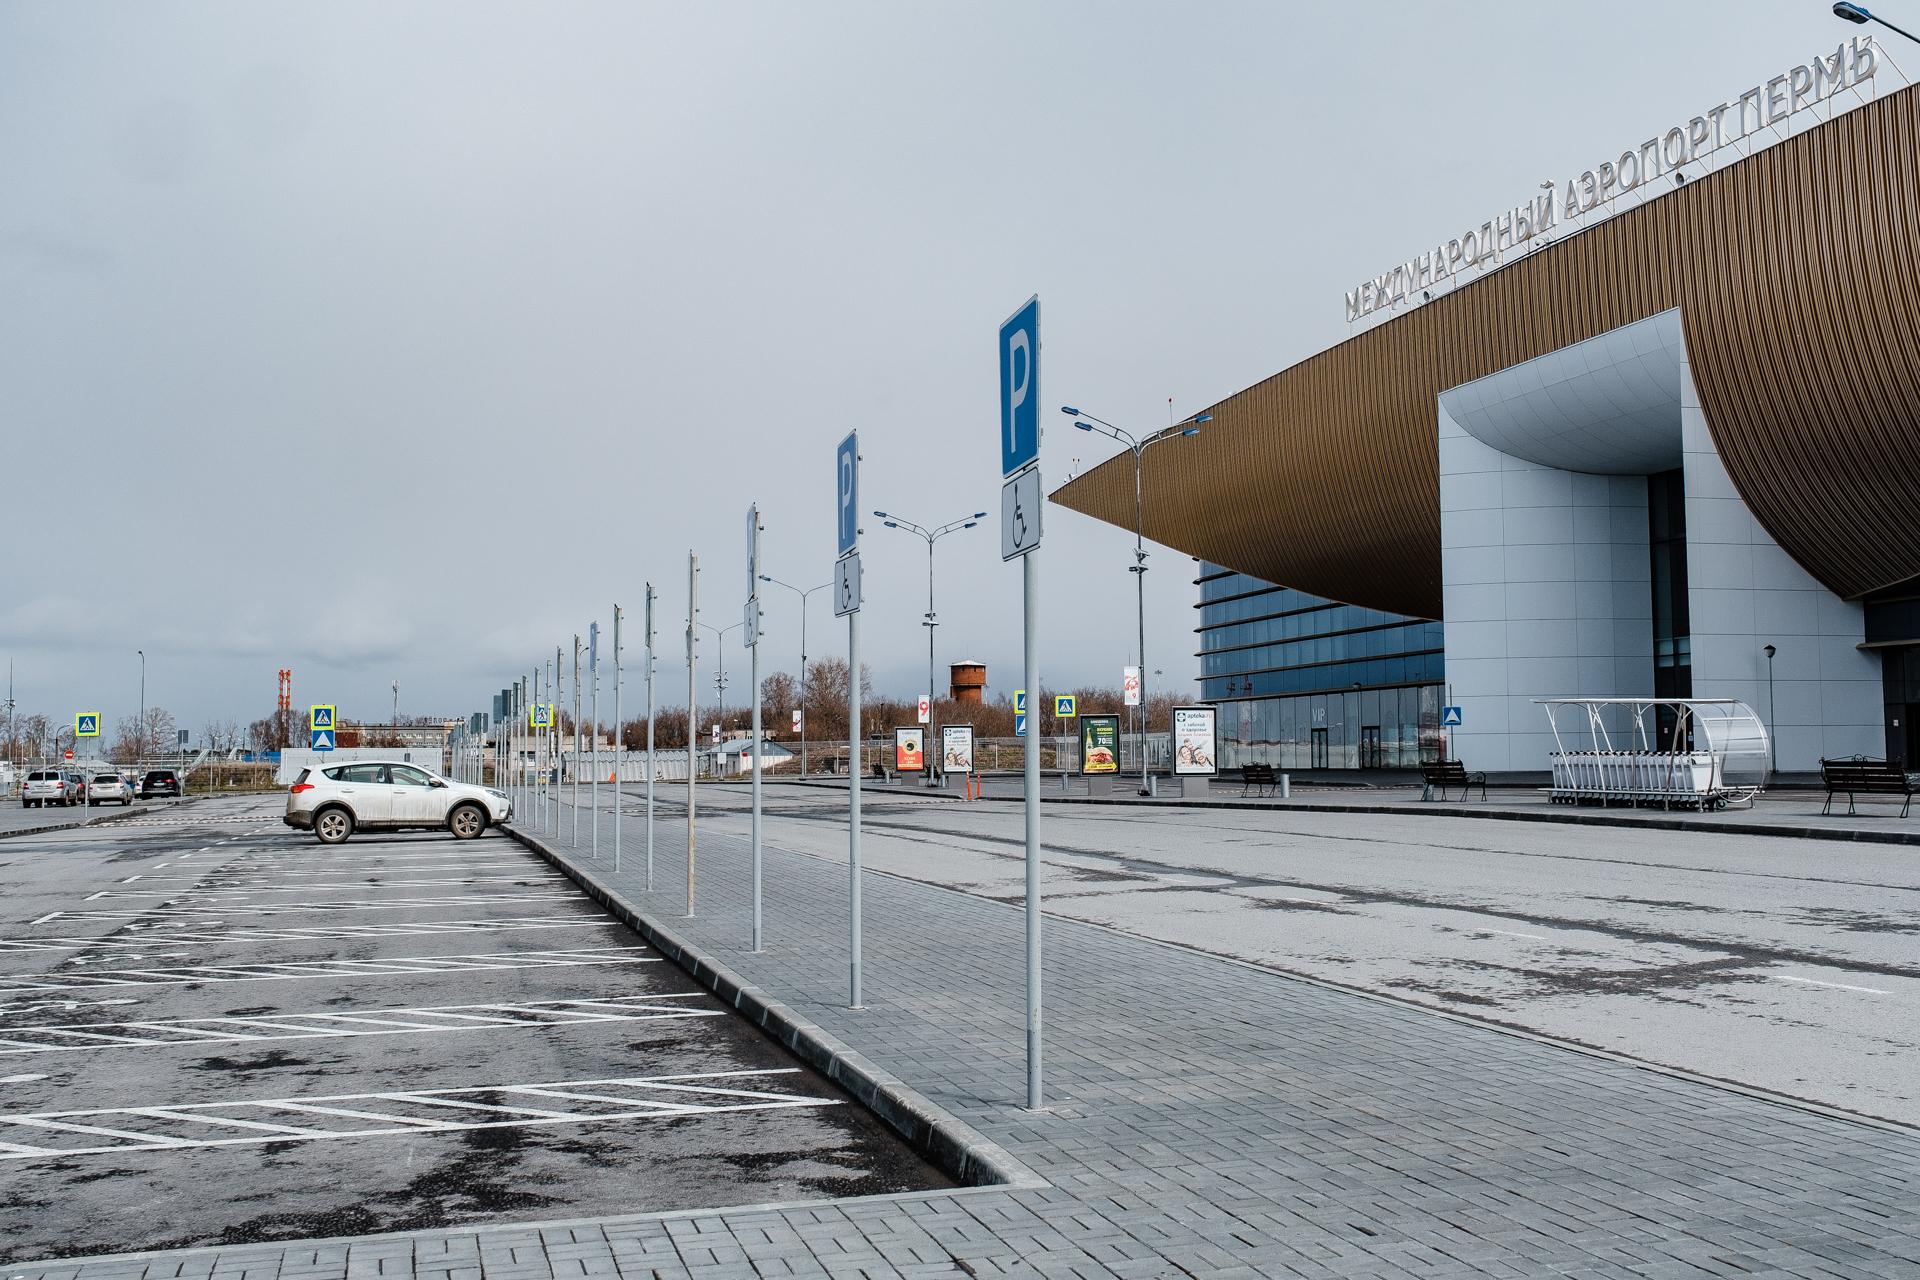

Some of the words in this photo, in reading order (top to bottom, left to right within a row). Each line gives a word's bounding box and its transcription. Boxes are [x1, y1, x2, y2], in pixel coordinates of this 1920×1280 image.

[1345, 180, 1559, 323] МЕЖДУНАРОДНЫЙ
[1564, 102, 1732, 219] АЭРОПОРТ
[1740, 35, 1879, 136] ПЕРМЬ
[1010, 328, 1030, 454] P
[842, 450, 852, 540] P
[1312, 707, 1325, 722] VIP
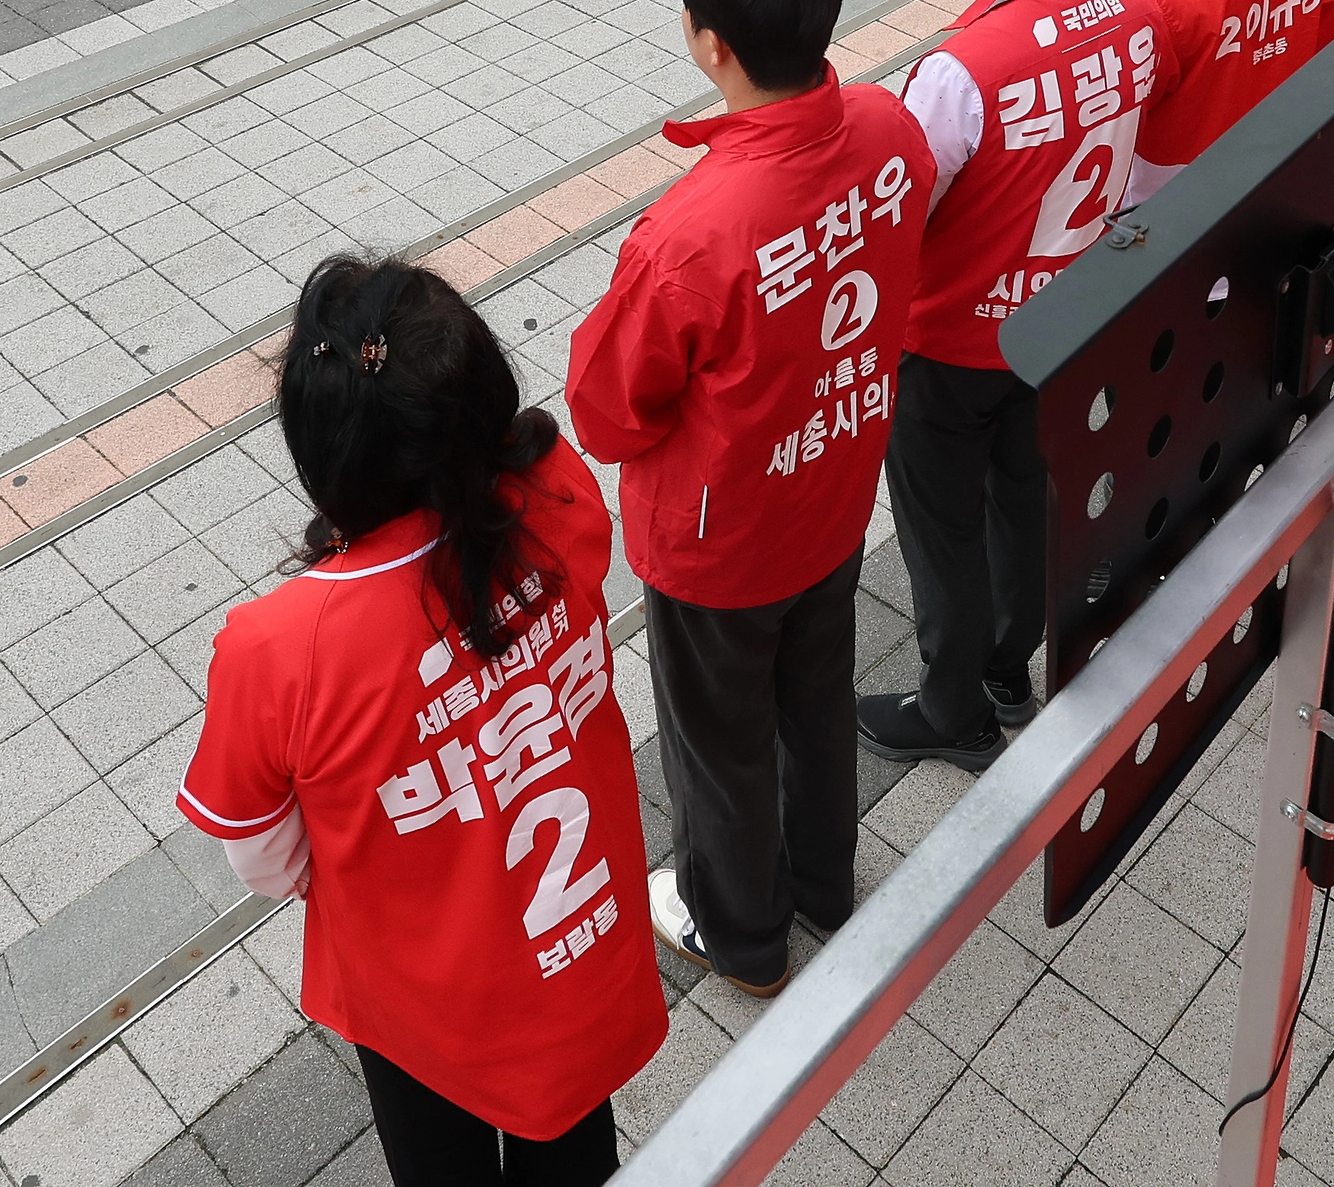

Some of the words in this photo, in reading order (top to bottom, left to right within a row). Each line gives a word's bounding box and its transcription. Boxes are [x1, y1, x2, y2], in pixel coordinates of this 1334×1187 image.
================
How to complete this task ->
Repeat each line of the records exactly. Do not include the pictures.

Task result ->
Some of the words in this photo, in reading order (top to bottom, left to right within a row). Each line gives a word's bounding box and its transcription. Boxes are [x1, y1, x2, y2], in pixel coordinates of this 1920×1280 image.

[1345, 180, 1559, 323] МЕЖДУНАРОДНЫЙ
[1564, 102, 1732, 219] АЭРОПОРТ
[1740, 35, 1879, 136] ПЕРМЬ
[1010, 328, 1030, 454] P
[842, 450, 852, 540] P
[1312, 707, 1325, 722] VIP

Some of the words in this photo, in reading order (top to bottom, left to right within a row). Each line gives a word's bounding box and its transcription. Boxes are [x1, y1, x2, y2], in pixel coordinates of this 1334×1187 image.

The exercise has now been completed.